Code that helps in debugging exceptions raised by Neo4j when using very long strings in attributes that are also used in indexing.

Primary LanguagePython

The length of string node attributes when used as indices in Neo4J and its validation

When using a string attribute as part of an index or unique_index in Neo4j, then the length of that string cannot be infinite.

This causes certain problems and has an impact to:

  1. The way neomodel does validation
  2. Neo4j itself

The code in this repository demonstrates how to put the server in these problematic conditions and also suggests a fix.

The problem

In Neo4J, node attributes of type string can contain what appears to be infinitely long strings as valid inputs. But when the same property is used in an index, Neo4J imposes a (perfectly valid) limit on the number of characters that can be used in the index.

This limit appears to be 4095 bytes as reported by exceptions.

This byte length, is not equal to the number of characters in the string as it would be returned by Python's len. This is because Unicode characters can use more than one bytes per character to map the character of a specific language to its glyph.

The problem is that when the byte length of the string is <4095 characters but close to that limit, the transaction does go ahead, absolutely no error is reported but the database enters an unrecoverable state.

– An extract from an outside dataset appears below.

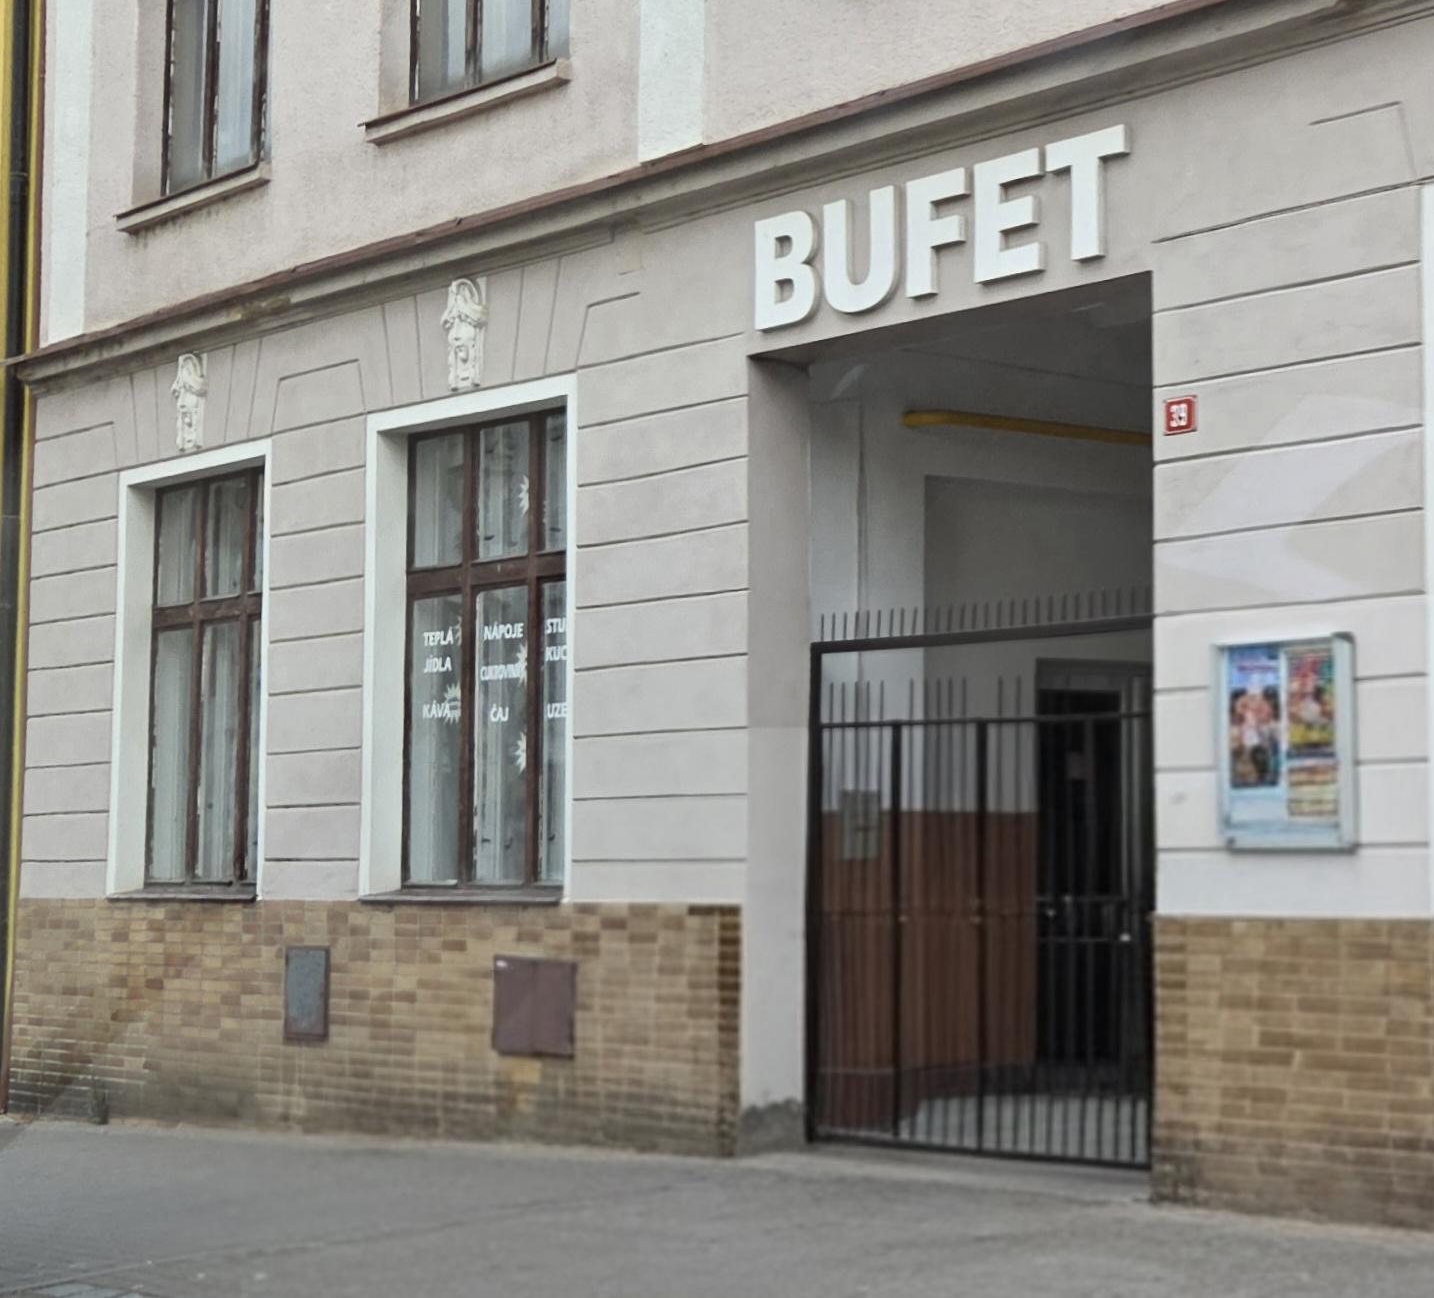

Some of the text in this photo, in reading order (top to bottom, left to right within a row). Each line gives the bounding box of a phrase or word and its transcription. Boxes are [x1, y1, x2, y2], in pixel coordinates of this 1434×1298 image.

Unrecoverable here means that the database has to be restarted. In my personal experience, a simple restart is not enough and the database data directory has to be removed as well.

Fixing the problem

A simple remedy for the problem is to trim the length of a string attribute that is going to be used for indexing to the appropriate length. This cannot be done with a simple truncation because this might render multi-byte characters invalid.

However, it turns out that trimming at the 4095 limit (strictly) still produces some errors in a way that suggests that something else may be added to the key, once the attribute has crossed the wire and is at the server. For this reason, the current function is trimming at 4000 characters (but unfortunately, even this seems to be causing problems).